We invite submissions of papers related to the integration of language and 3D perception, with a focus on developing embodied agents and robots. Topics of interest include, but are not limited to:

Language-guided 3D perception and understanding
Large language models (LLMs) for 3D environment understanding
3D vision-language-action (VLA) models
Embodied agents that integrate language, vision, and action
3D scene understanding and generative world models
Robot control and navigation using natural language
Multimodal learning for embodied AI
Datasets and benchmarks for 3D-LLMs and 3D-VLAs
Applications of 3D-LLMs and 3D-VLAs in real-world scenarios
Ethical considerations in developing embodied AI systems

Awards

Congratulations to our seven spotlight papers, including the best paper and runner-up award recipients:

Best Paper Award:
Ψ0: An Open Foundation Model Towards Universal Humanoid Loco-Manipulation
Best Paper Runner-up Awards:
Do 3D Large Language Models Really Understand 3D Spatial Relationships?

PA3FF: Learning Part-Aware Dense 3D Feature Field For Generalizable Articulated Object Manipulation

VLS: Steering Pretrained Robot Policies via Vision–Language Models

Robot Learning from a Physical World Model
Spotlight Papers:
GEM-4D: Geometry-Enhanced Video World Models for Robot Manipulation

LiteReality: Graphics-Ready 3D Scene Reconstruction from RGB-D Scans

Submission Guidelines

Papers can be submitted in any major conference's format, with a length of 2-8 pages (excluding references).

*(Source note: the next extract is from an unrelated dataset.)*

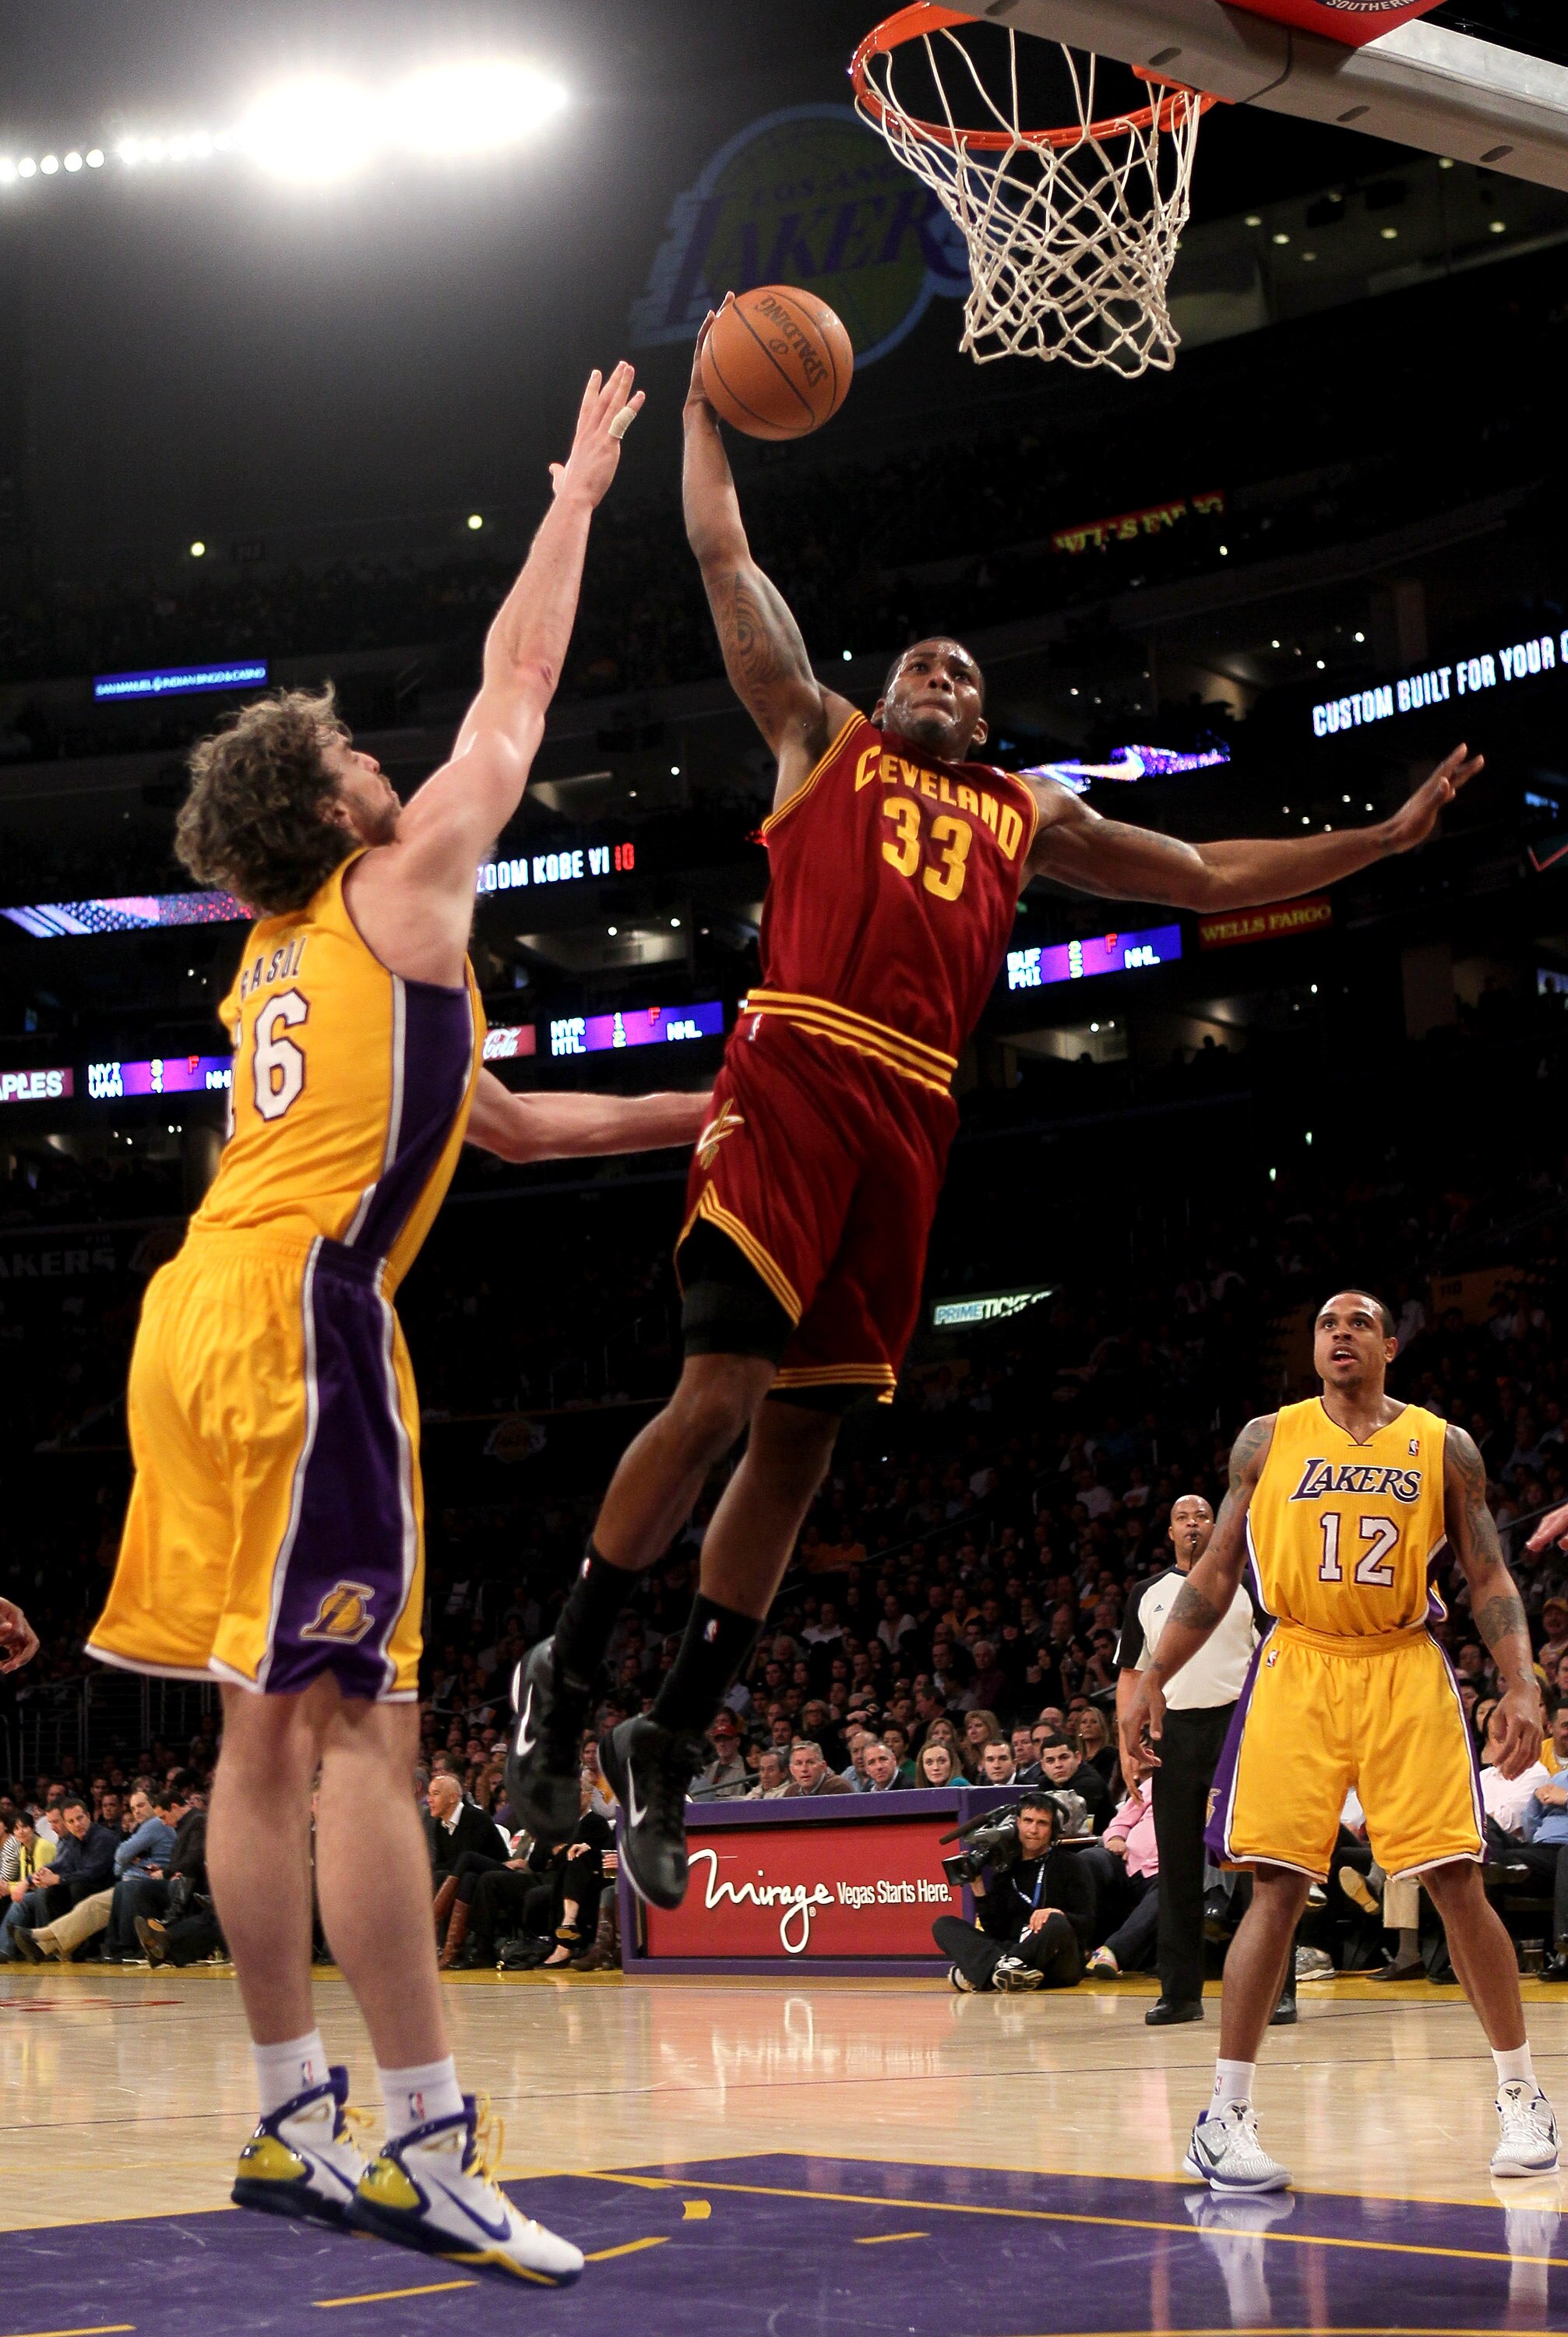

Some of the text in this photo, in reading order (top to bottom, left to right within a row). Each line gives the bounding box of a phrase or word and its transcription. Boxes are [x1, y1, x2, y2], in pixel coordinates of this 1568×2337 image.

All submissions will be peer-reviewed, and accepted papers will be presented at the workshop as posters.

Submissions should be made through the OpenReview submission system

Important Dates

Paper Submission Deadline: April 26, 2026
Decision Notification: May 10, 2026
Camera Ready Deadline: May 24, 2026
Workshop Date: June 3, 2026

Publication

The workshop will be non-archival. Authors of accepted papers retain the full copyright of their work and are free to submit extended versions to conferences or journals.

Schedule

June 3, 2026 | Room 1CD | CVPR 2026, Denver, CO, USA

12:30pm - 1:00pm

Poster Setup & Poster Session

Authors set up posters and early attendees can browse

1:00pm - 1:45pm

Keynote 1: Ziwei Liu

Nanyang Technological University

Computer Vision, Multimodal AI

1:45pm - 2:30pm

Keynote 2: Yue Wang (Remote)

University of Southern California

Vision, Robotics

2:30pm - 3:15pm

Keynote 3: Leonidas Guibas

Stanford University

3D Vision, Robotics

3:15pm - 3:30pm

Coffee Break

3:30pm - 4:15pm

Keynote 4: Angela Dai

Technical University of Munich

3D Vision

4:15pm - 5:00pm

Keynote 5: Ranjay Krishna

University of Washington

Vision, NLP, Robotics

5:00pm - 5:45pm

Keynote 6: Marc Pollefeys

ETH Zurich

3D Vision

5:45pm - 6:15pm

Closing Poster Session, Best Paper Announcement & Remarks

Poster presentations, best paper announcement, and workshop closing discussion

Accepted Papers

Stress-Aware Reasoning for Robust Vision-Language-Action Agents

LiteReality: Graphics-Ready 3D Scene Reconstruction from RGB-D Scans Spotlight

Ψ0: An Open Foundation Model Towards Universal Humanoid Loco-Manipulation Best Paper Spotlight

LightSplat: Fast and Memory-Efficient Open-Vocabulary 3D Scene Understanding in Five Seconds

Humanoid Everyday: A Comprehensive Robotic Dataset for Open-World Humanoid Manipulation

Chasing Ghosts: A Simulation-to-Real Olfactory Navigation Stack with Optional Vision Augmentation

FunFact: Building Probabilistic Functional 3D Scene Graphs via Factor-Graph Reasoning

EthosVLA: A Constitutional Safety Framework for Vision-Language-Action Models in Physical 3D Environments

CausalScene: Learning Causal 3D Scene Graphs for Counterfactual Reasoning in Embodied Agents

What Do VLAs Actually Learn through In-Context Failure Conditioning?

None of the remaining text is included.